We do things vaguely similar on a much, much smaller scale. But I'll give it a go and see what happens, haberd. Thanks.
I know some people have got a stalking worry about thread to thread, and I don't like to get personal, haberd, but I just want to say that your helping the mum the other day to get the child recognising letters is one of the best things I've seen anywhere. I'm no great follower of fanmail. But if my child was struggling with basic literacy I honestly don't know what I'd do.

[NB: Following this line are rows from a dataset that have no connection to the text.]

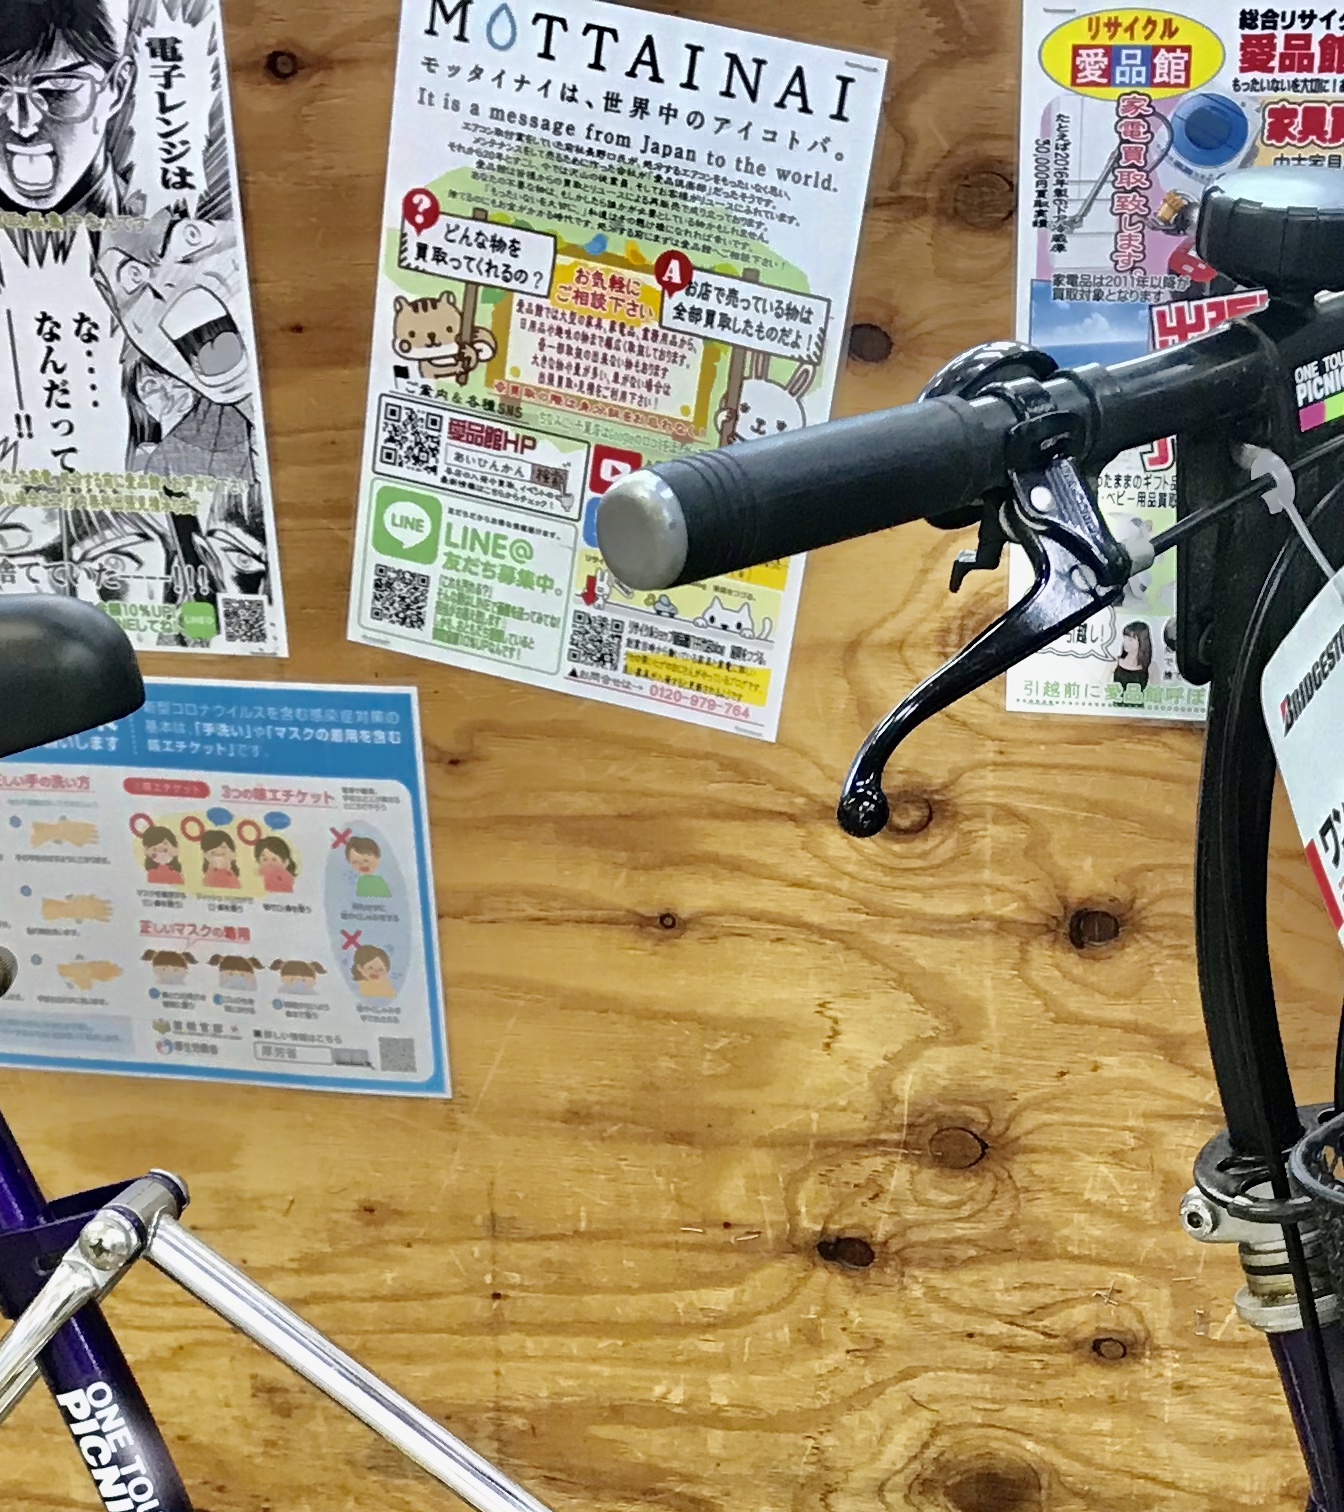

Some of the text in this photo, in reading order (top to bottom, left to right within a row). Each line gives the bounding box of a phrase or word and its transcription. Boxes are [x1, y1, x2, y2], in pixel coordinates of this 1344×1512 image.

[1087, 16, 1178, 41] リサイクル
[1074, 46, 1191, 86] 愛品館
[144, 35, 197, 192] 電子レンジは
[417, 87, 839, 194] It is a message from Japan to the world.
[1113, 92, 1154, 277] 家電買取致します。
[443, 220, 522, 260] どんな物を
[555, 281, 654, 320] ご相談下さい
[574, 266, 642, 298] お気軽に
[684, 276, 813, 327] お店で売っている物は
[672, 302, 815, 353] 全部買取したものだよ！
[1294, 360, 1320, 383] ONE
[33, 310, 80, 475] なんだって
[448, 417, 537, 454] 愛品館HP
[453, 451, 525, 478] あいひんかん
[391, 512, 425, 533] LINE
[444, 521, 534, 564] LINE@
[649, 684, 750, 719] 0120-979-764
[140, 919, 252, 941] 正しいマスクの着用
[84, 1380, 135, 1451] ONE

Well, just let her get on with it. You can't 'teach' her the concept of numbers and how they behave at this age in any meaningful way - you can only give her the opportunity to find out for herself. This will be VASTLY more useful to her than any amount of you trying to teach her place value or anything else. Sorting beans into groups may well be a bit advanced for her at this age but she would probably like sorting them into beans she likes and beans that aren't so pleasing. She could then count both groups if she wanted to. That would be just as valuable. Just let her play with the beans or whatever. Given how brilliantly scientific children are, she will no doubt discover something of interest to her (and that's all that matters).
Really, it was nothing. The child did all the hard work.
So far I've really only wanted to teach her the names of the techniques and the symbols involved. So that when she came to learning about them in class she wouldn't find it complicated. I've made no attempt to teach her numerical concepts beyond the names of the numbers themselves, halving ten and counting.
I think she's perfectly capable of learning about place value. (She's probably perfectly capable of learning about lots of things.) But I don't think it's so much a case of what she can learn about as it is a case of what she can use.
Also, if you really want to get your child over the hurdle of adding up numbers that make more than ten, you can do the same thing as the child with the letters. Make a really LOOOOONG number line from 1 to 20 with each number taking up as much space as one of her feet, at least. Tell her she has to stand on 9 and get her to count and step one at a time to get to 12. Or 8 and 2 or whatever. Start with the ones she might know, 5 and 1, 3 and 2 etc. Build it up slowly. When she gets the hang of it, see if she can jump straight there instead of stepping. But only if she actually likes it. There is no point in making her do it if it isn't any fun for her.
The names of the techniques are, as maths people would say, trivial. They don't matter. Nor does place value as a concept. It is more important for her to enjoy it and to work out what it really means in her own head.
Oh, and let her count up from 1. It's really important, I promise.